All of the entries are to be repeated exactly, with no pictures included.

[MATERIAL PROVIDED — start]

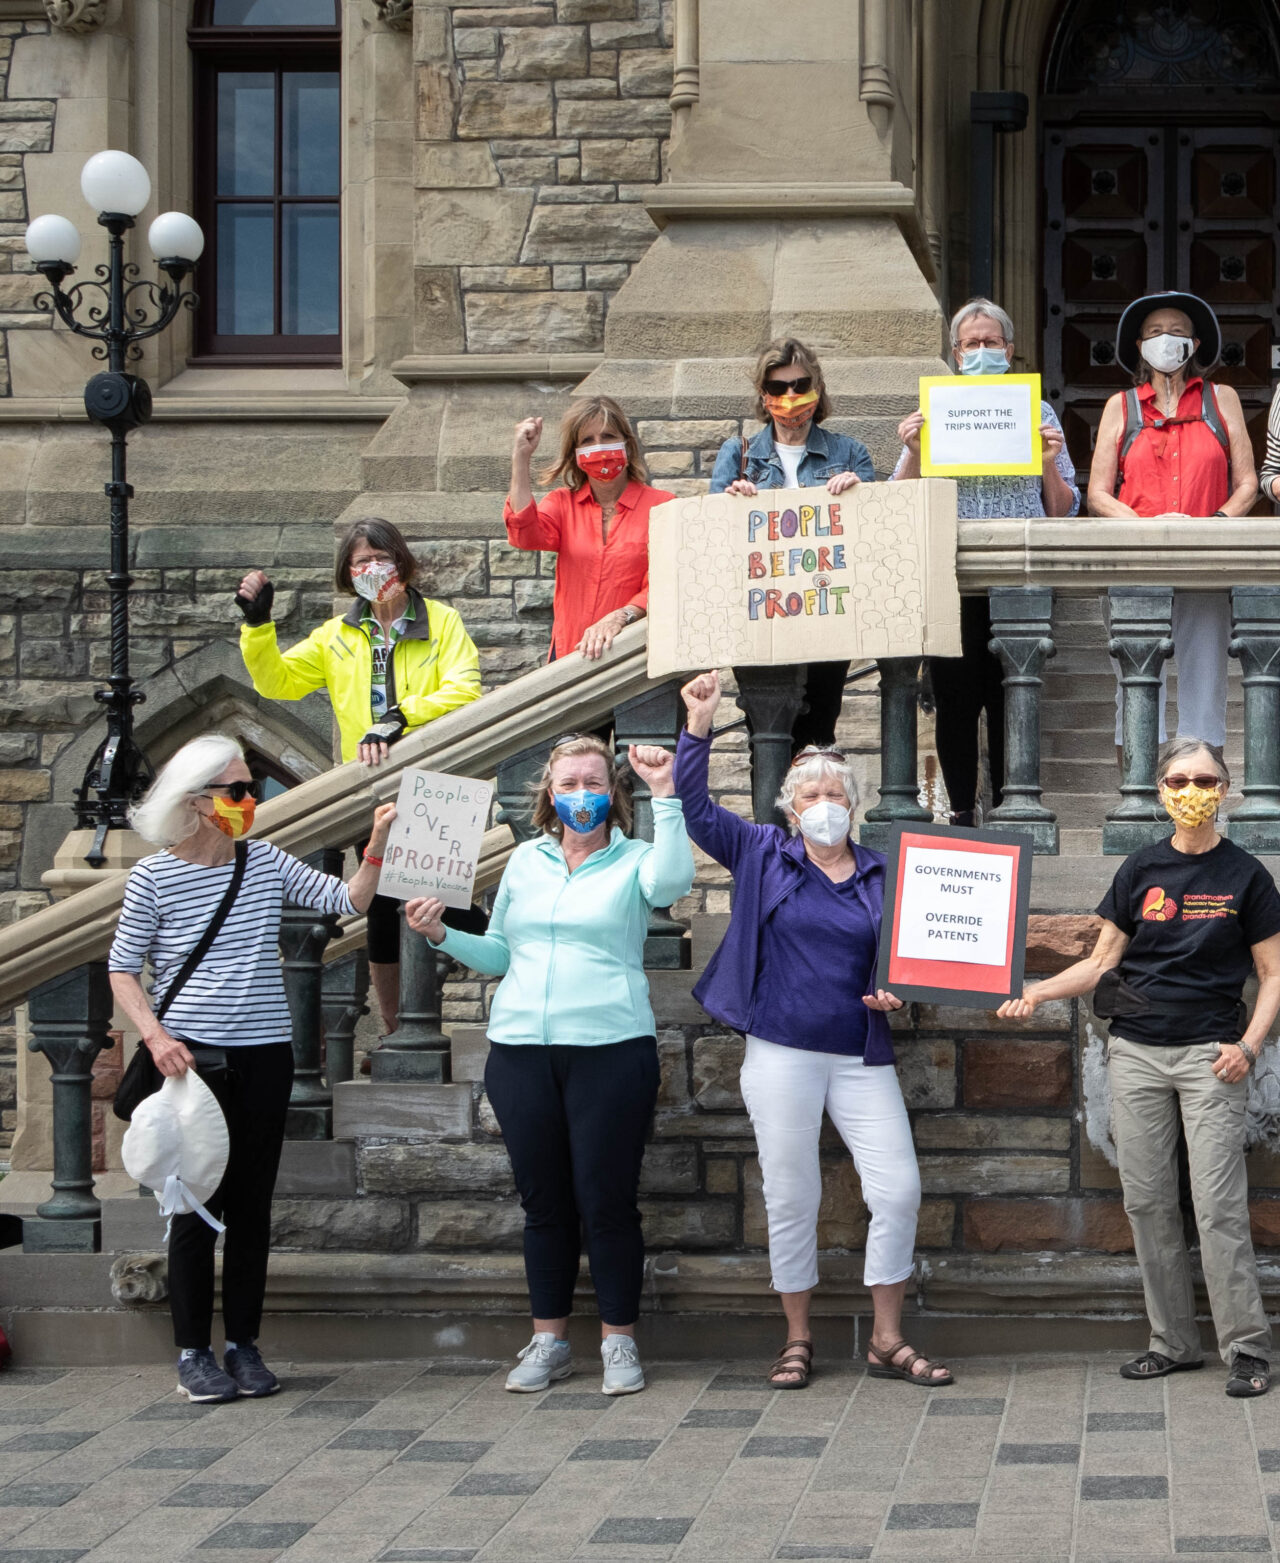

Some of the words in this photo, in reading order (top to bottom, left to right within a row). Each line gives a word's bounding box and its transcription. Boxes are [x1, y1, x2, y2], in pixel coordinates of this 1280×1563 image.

[948, 409, 992, 418] SUPPORT
[995, 408, 1013, 417] THE
[974, 422, 1016, 430] WAIVER!!
[748, 503, 843, 542] PEOPLE
[748, 544, 846, 579] BEFORE
[413, 776, 470, 804] People
[915, 865, 1002, 882] GOVERNMENTS
[940, 883, 974, 895] MUST
[925, 912, 983, 926] OVERRIDE
[928, 929, 978, 942] PATENTS

[MATERIAL PROVIDED — finish]

**RESULT:**
Some of the words in this photo, in reading order (top to bottom, left to right within a row). Each line gives a word's bounding box and its transcription. Boxes are [x1, y1, x2, y2], in pixel coordinates of this 1280×1563 image.

[948, 409, 992, 418] SUPPORT
[995, 408, 1013, 417] THE
[974, 422, 1016, 430] WAIVER!!
[748, 503, 843, 542] PEOPLE
[748, 544, 846, 579] BEFORE
[413, 776, 470, 804] People
[915, 865, 1002, 882] GOVERNMENTS
[940, 883, 974, 895] MUST
[925, 912, 983, 926] OVERRIDE
[928, 929, 978, 942] PATENTS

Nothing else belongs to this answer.